La première et la seule réalisation attestée de Jacques II, en l’état actuel des connaissances, est le château de la Roche-Racan à Saint-Paterne, bâti au début des années 1630 pour Honorat de Bueil (1589-1670), seigneur de Racan, poète réputé du règne de Louis XIII, devenu l’un des premiers membres de l’Académie française créée par Richelieu en 1634-1635. Rappelons que ce dernier établira aussi en Touraine son château et une cité à proximité, au sud de la région où était aussi d’autres grands seigneurs parisiens (Le Bouthillier, Mexme Gallet …) ou poitevins (De La Trémoille).

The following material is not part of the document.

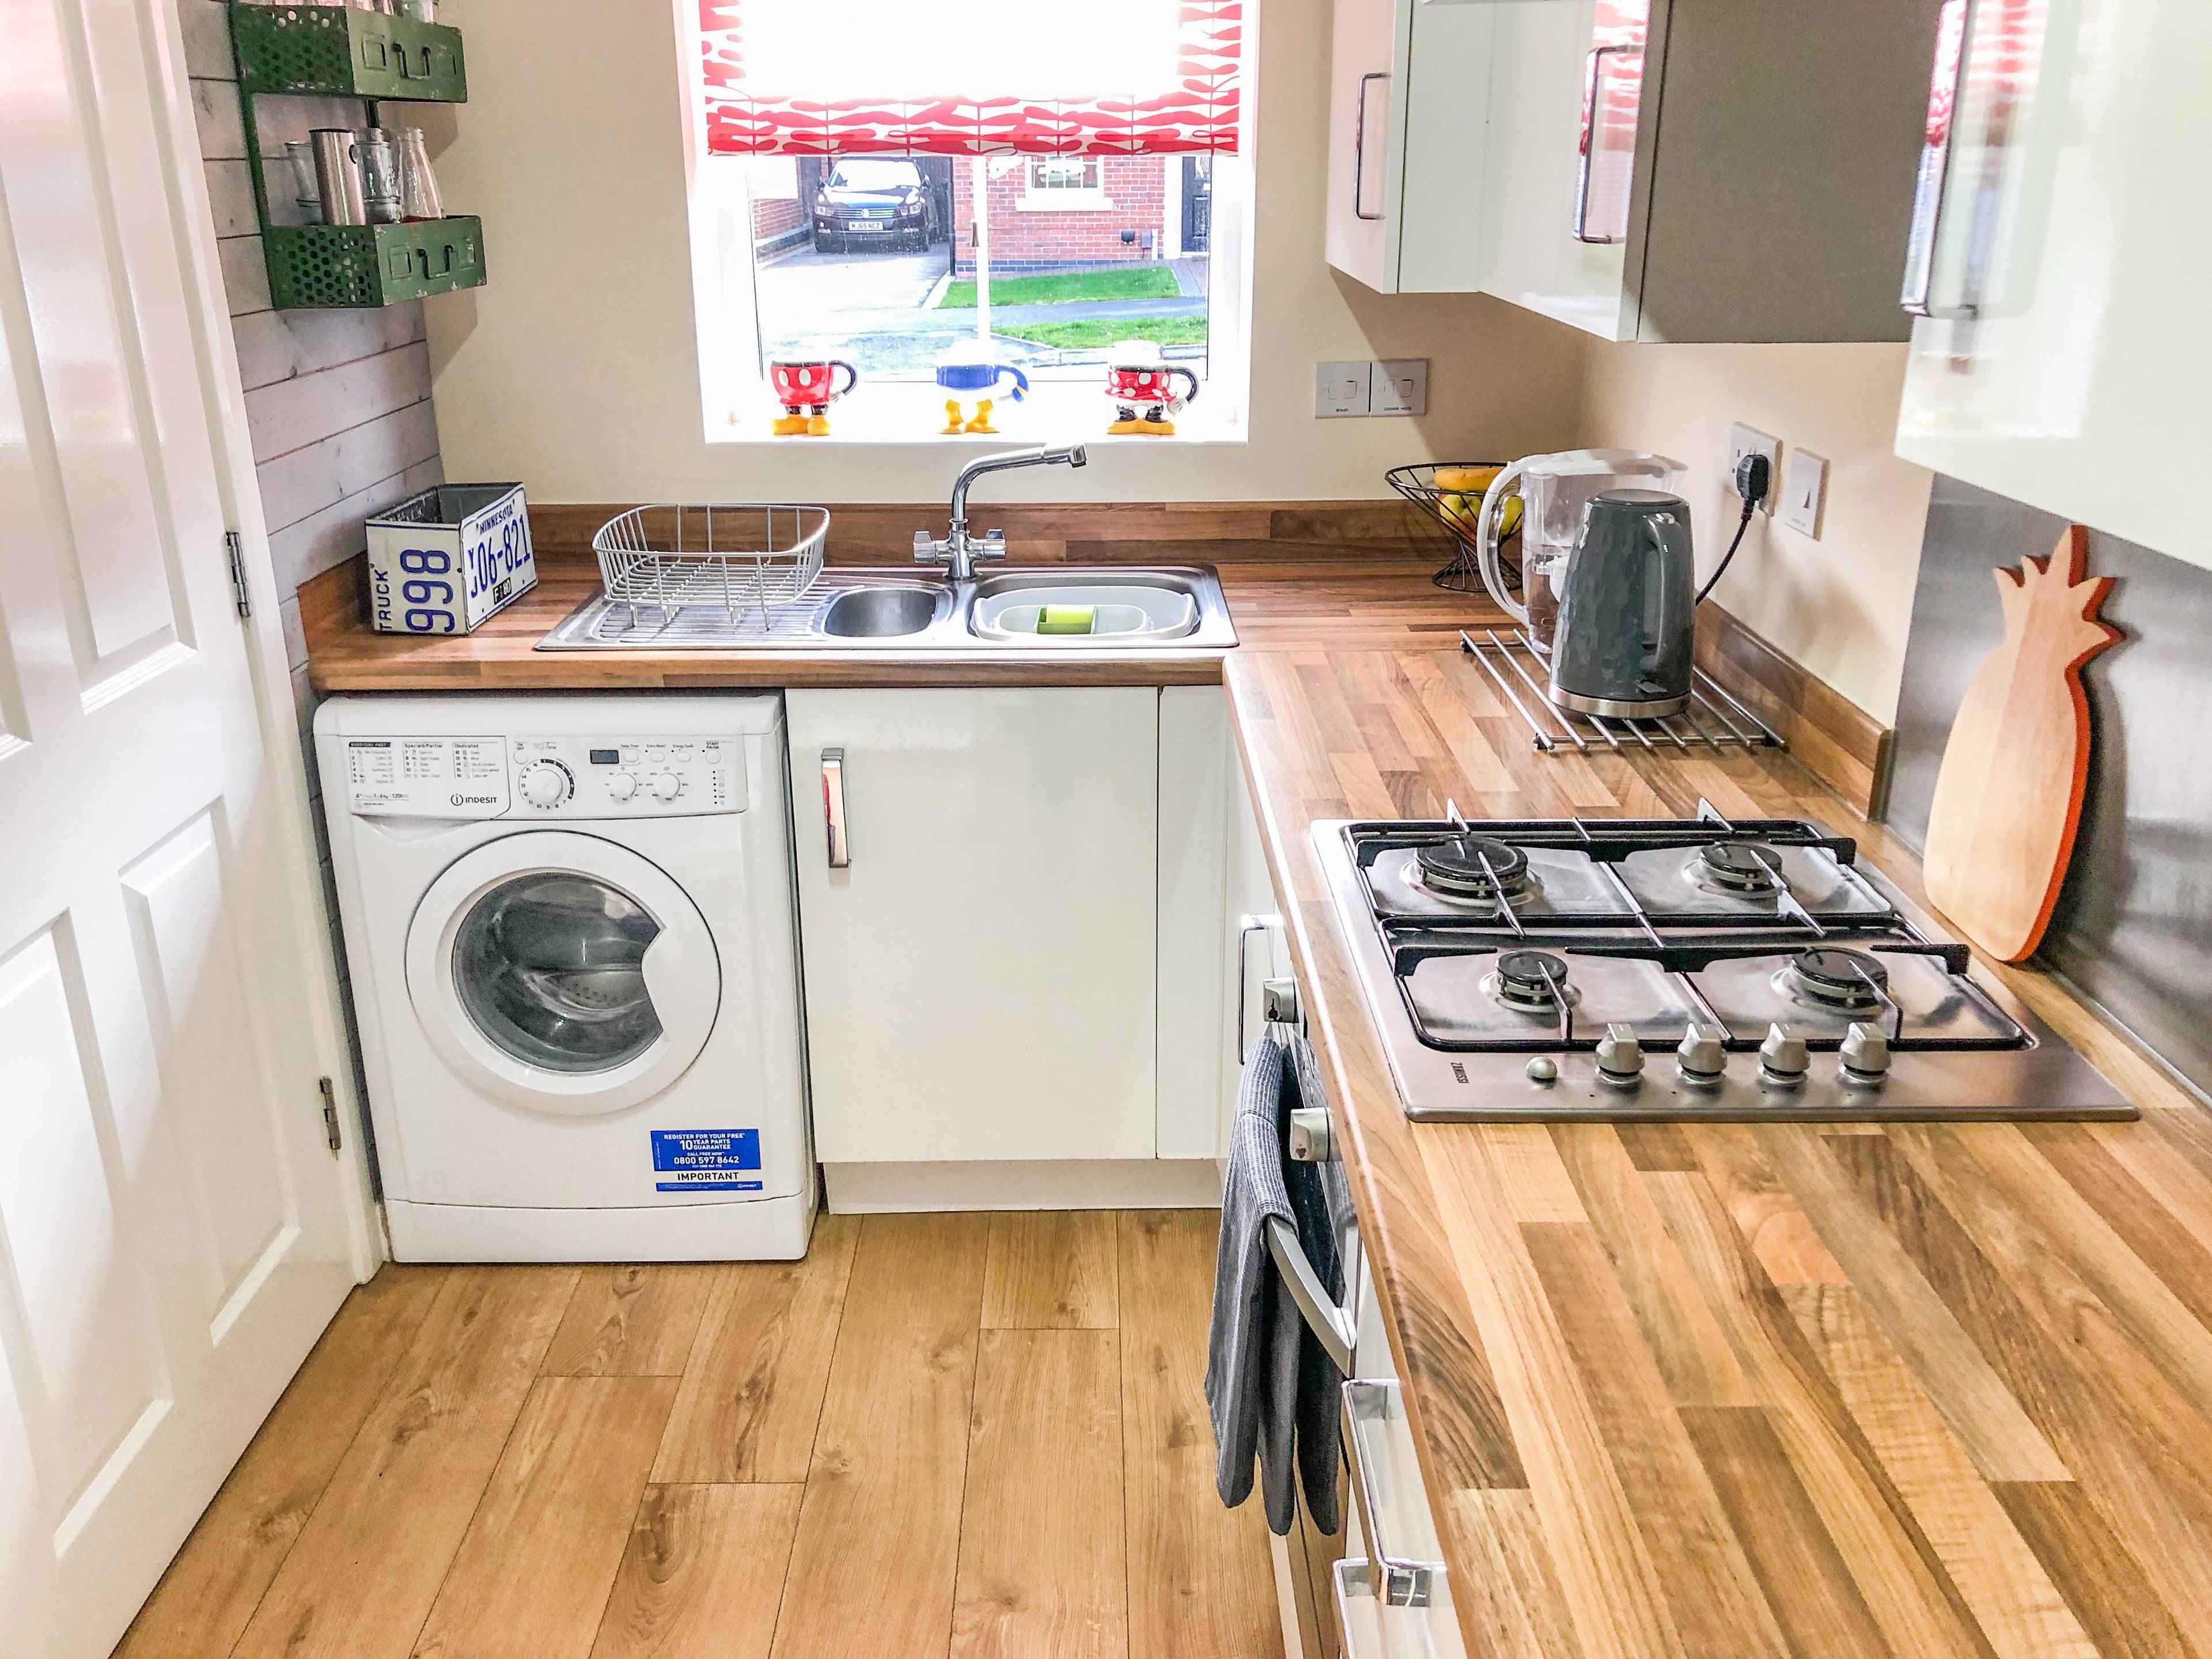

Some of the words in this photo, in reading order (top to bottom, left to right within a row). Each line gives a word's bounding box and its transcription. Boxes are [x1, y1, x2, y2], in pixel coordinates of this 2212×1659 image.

Jacques II Gabriel se livra à La Roche-Racan a un intéressant jeu de terrasse dominant la vallée de l’Écotais et conçut un grand corps de logis perpendiculaire à la grande terrasse. Là, est encore visible, dans ce qui reste du logis, le bel escalier à rampe sur rampe, agrémenté de pilastres ioniques et à la belle stéréotomie, l'art de lier les pierres entre elles. Les proportions de l'ensemble sont un peu maladroites mais il dut faire sensation en son temps dans cette partie de la Touraine.

 

                                                        Jacques II Gabriel, grand escalier du  chateau  de la Roche-Racan, années 1630, cl. Ph. Cachaue

 

On peut aussi rendre à Jacques II, voire à ses fils Jacques IV et Pierre, ce dernier très actif dans le secteur, les superbes retables baroques de l’église de Saint-Paterne.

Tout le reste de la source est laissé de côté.